In addition, due to the definition of the decision tree data
structure, it is possible to access the data of the individual
decision trees in a random order. Therefore, it is possible to do
the decoding subword by subword. The pseudocode for the decision
tree based text-to-phoneme decoding according to the invention can
therefore be presented as follows.
[0105] for ALL LANGUAGES
[0106] Check if language present in entries
3 if LANGUAGE PRESENT Initialize text-to-phoneme for the language,
general data Construct the alphabet of subwords for the language
for ALL SUBWORDS IN LANGUAGE Check if subword present in the
entries if SUBWORD PRESENT Initialize the decision tree for the
subword for ALL ENTRIES Do symbol conversions for the entry Produce
text-to-phoneme for the subword end for Clear the decision tree for
the subword end if end for Clear text-to-phoneme, general part end
if end for
[0107] In this implementation, there is no overhead of transferring
the data from the mass storage 304 (e.g. flash) into RAM memory 305
since each tree can be arranged to be loaded only once. In fact,
the total amount of data that is loaded can be even smaller if
there is a subword in the alphabet that is not present in the
entries because that subword need not be processed.

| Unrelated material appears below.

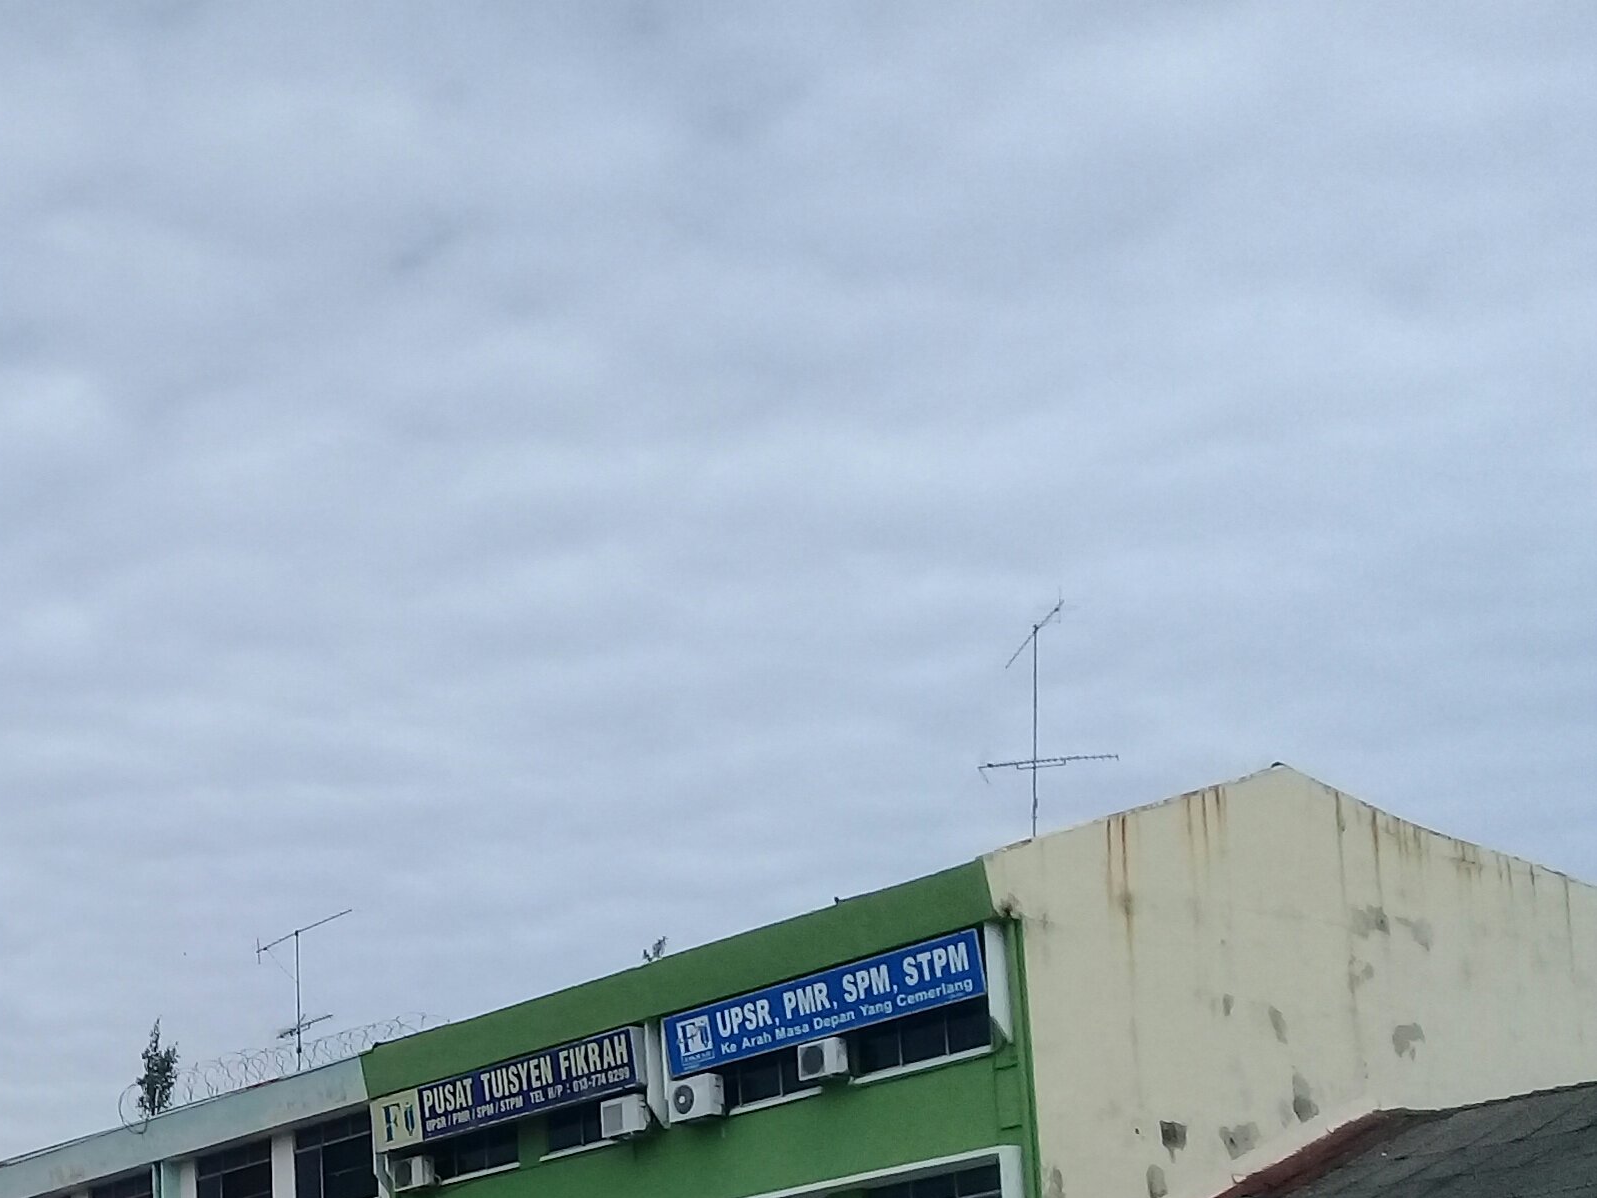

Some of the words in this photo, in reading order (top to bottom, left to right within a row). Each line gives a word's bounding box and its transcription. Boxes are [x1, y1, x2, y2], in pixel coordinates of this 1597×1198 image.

[0108] The data of the decision tree based text-to-phoneme model is
prepared in such a way that the subword by subword decoding is
possible. The data of the prior art decision tree based
text-to-phoneme model contain:
[0109] Subword, phoneme, and phoneme class definitions
[0110] Number of decision trees
[0111] The data of the decision trees
[0112] The subword, phoneme and phoneme class definitions are
language dependent and they are shared among the individual tree
models. The individual decision trees model the pronunciations of
each subword in the alphabet. In order to do the decision tree
based text-to-phoneme decoding according to the present invention,
i.e. subword by subword, the data of the decision trees is stored,
for example, in such a way that all the data of a single decision
tree is kept in a continuous memory range. In addition, the
text-to-phoneme data of the individual decision tree models are
arranged to be accessible in a random order. Therefore, the start
addresses of the individual decision trees are stored in the
decision tree database in the mass memory 304. Due to these
requirements, the data of the decision tree based text-to-phoneme
model according to an example embodiment of the present invention
contains:
[0113] Subword and phoneme definitions;
[0114] Number of single decision trees for random access;
[0115] The start addresses or other appropriate information of the
beginning of single decision trees;
[0116] Number of decision trees;
[0117] The data of the individual decision trees, the data of a
single subword in a continuous memory range.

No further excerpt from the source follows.